最後に見た朝霧の姿は遊園地当日に着ていた私服だったはず。今目の前に見える彼が学ラン姿なのは、渉のなかでこっちのほうが印象強いということだろう。
ただ、左の袖から先がないのは記憶上の朝霧との差異である。
渉は、渇いた口内を潤そうと唾液腺を刺激した。表情筋を動かすたびに顔中がヒリヒリと痛む。あれだけ殴られれば無理もないことだ。
少量でもいい、湧き出た唾液を構わず飲み込むと、額から頬にかけて朝霧の右手がなぞった。それは視界に映るだけで、接触することはない。
「苦しそうだね。麻酔も切れてるようだし、大丈夫?」
朝霧は目をまん丸くさせて、長い睫毛を瞬かせる。その顔が一瞬、赤い帯にまみれて、
「っ……」
崩れ行く肢体が頭のなかでフラッシュバックし、渉は目線を下げるついでに詰まった息を吐き出した。
頭痛がする。下腹部が酷く痛む。排泄できない苦痛に身体が悲鳴を上げ、汗が止めどなく伝い落ちる。
大丈夫か否か、答えるならば、きっと――
「それ、続けないの?」
押入れの戸に上半身を貫通させて頬杖をつく
渉は自身の両手を見つめた。結束バンドに繋がれた親指の付け根は、ぼこぼこと凹凸な噛み跡に占拠されている。
暗闇に閉じ込められて、どれだけの時間が経過しただろうか。
ではなぜいつまでも押入れから出られないのか? それは渉の対応にあった。
茉結華は、渉が応えずにいると無言で去っていく。そっちがその気ならこっちだって、という茉結華なりの見解なのか――渉としては、反省したかなんて、上から目線で言われたくはない。
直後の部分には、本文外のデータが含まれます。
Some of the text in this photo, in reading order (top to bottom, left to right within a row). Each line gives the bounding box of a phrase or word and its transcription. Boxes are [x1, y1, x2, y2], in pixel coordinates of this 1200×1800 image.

つまるところ、意地の張り合い。我慢比べが勃発していたのだ。
いい加減意地を張るのやめたら? と幻覚に促されるたび、渉は「うるさいな」と答えていた。
そしてこの状況を一転させようと思案した結果導き出されたのが、結束バンドを噛み千切ることだった。
しかし目的であるプラスチックの表面は、まだ形状を保っている。これでも幾分か厚みを失ったほうだが、ストローを噛むみたいに柔くはいかない。
「反省した?」
朝霧の幻覚が茉結華の言葉をなぞる。
「馬鹿言え……」
渉はぼそりと呟くと、麻酔の切れた右肩の激痛を我慢して、結束バンドに歯を立てた。
――そうだ、さっきもこうやって……がじがじと噛んでいるうちに眠りに落ちた。もとい、痛みで気を失った。
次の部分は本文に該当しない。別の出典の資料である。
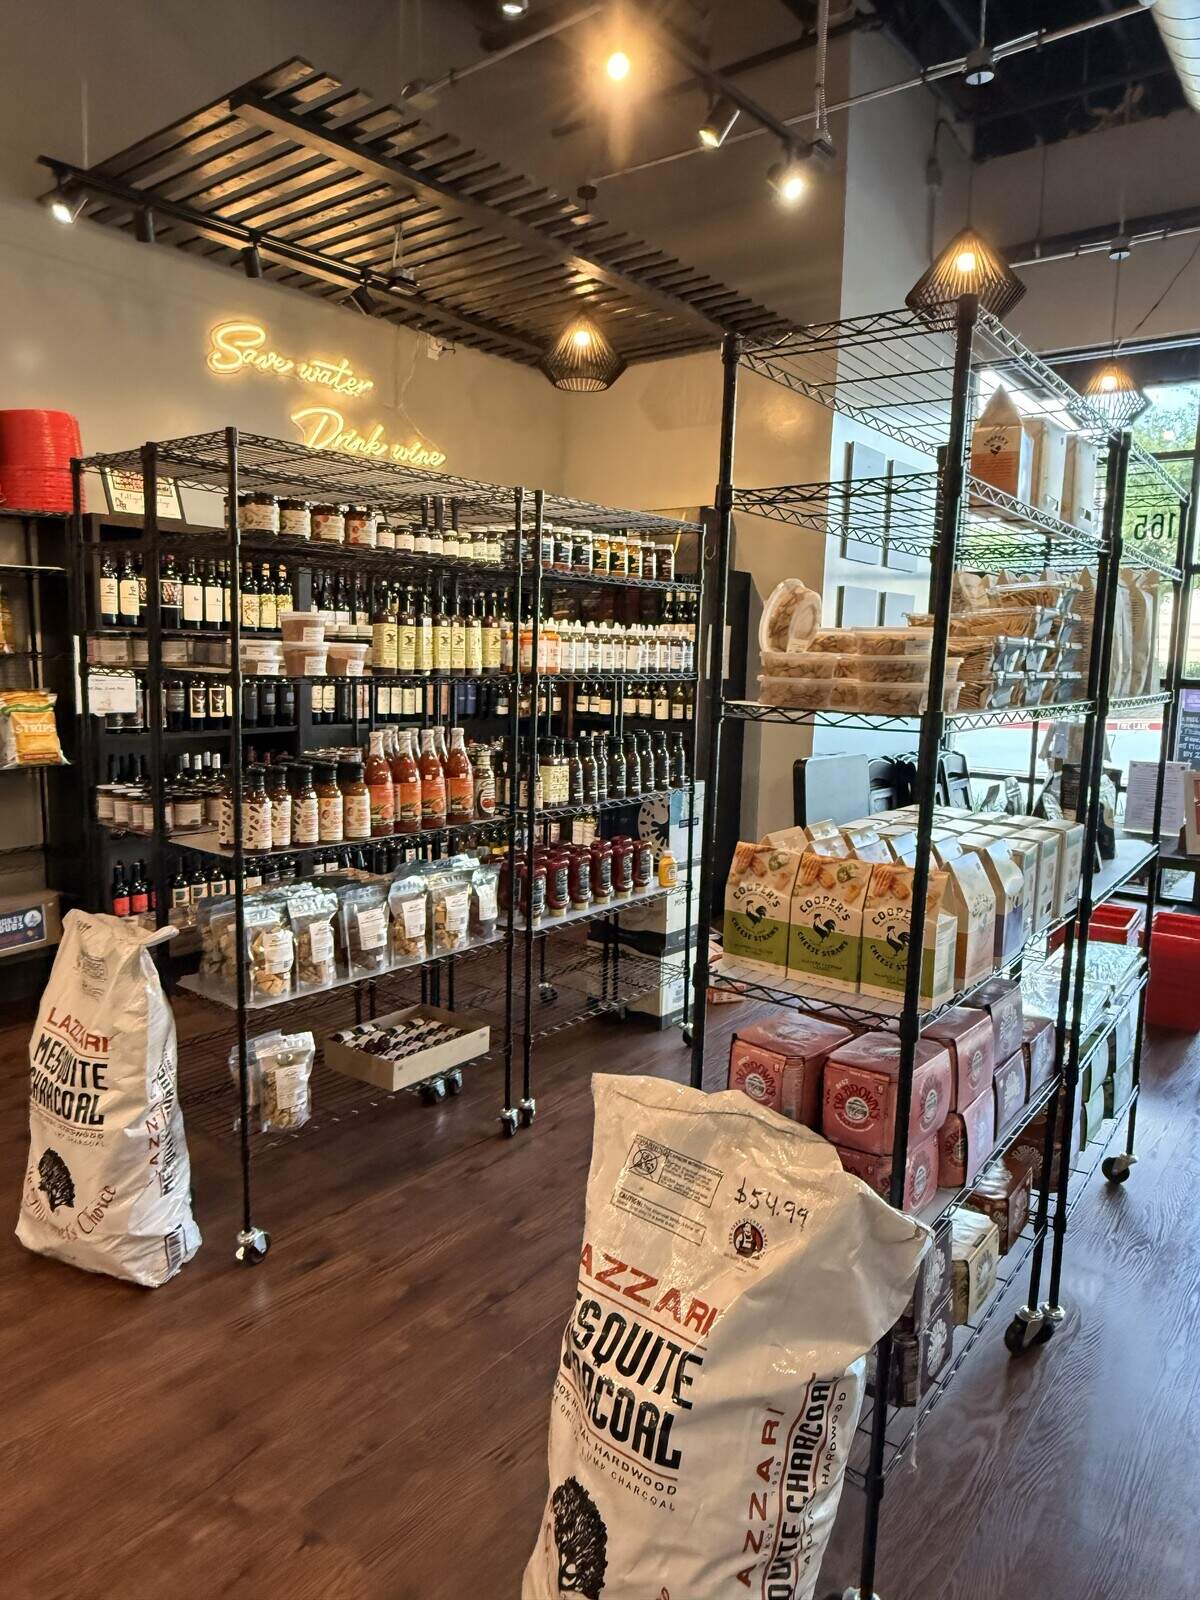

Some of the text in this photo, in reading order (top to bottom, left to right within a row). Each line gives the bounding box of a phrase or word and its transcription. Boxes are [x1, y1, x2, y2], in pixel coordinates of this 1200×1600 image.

[208, 321, 374, 397] Save water
[290, 406, 446, 469] Drink wine
[732, 882, 781, 908] COOPER'S
[799, 895, 851, 921] COOPER'S
[871, 906, 912, 925] COOPE
[77, 1184, 116, 1234] Choice
[734, 1176, 810, 1233] $54.99
[580, 1242, 719, 1336] AZZARI
[572, 1291, 704, 1411] SQUITE
[594, 1441, 678, 1496] HARDWOOD
[821, 1391, 847, 1486] HARDWOOD
[611, 1470, 676, 1512] CHARCOAL
[736, 1407, 785, 1588] AZZARI
[767, 1521, 801, 1600] QUITE
押入れに閉じ込められたのは昨日の昼過ぎだと渉は推理している。茉結華が弁当を持ってきたのがその根拠だ。結局あの弁当が渉の胃に収まることはなかったが。
現在時刻は不明。体感としては昼過ぎから夕方頃をうろついている。つまり、閉じ込められて二十四時間は経っている――
「まだ切れないの?」
小坂がもどかしそうに顔を近付ける。
「早くしないと、あいつが帰ってくるんじゃない?」
「わかってるよ……」
両手を駆使したところで襖をこじ開けられる確証はない。足で蹴破ろうと試みもしたが、外の金具がギチギチと擦れただけだった。辿り着いたのがこのありさまだ。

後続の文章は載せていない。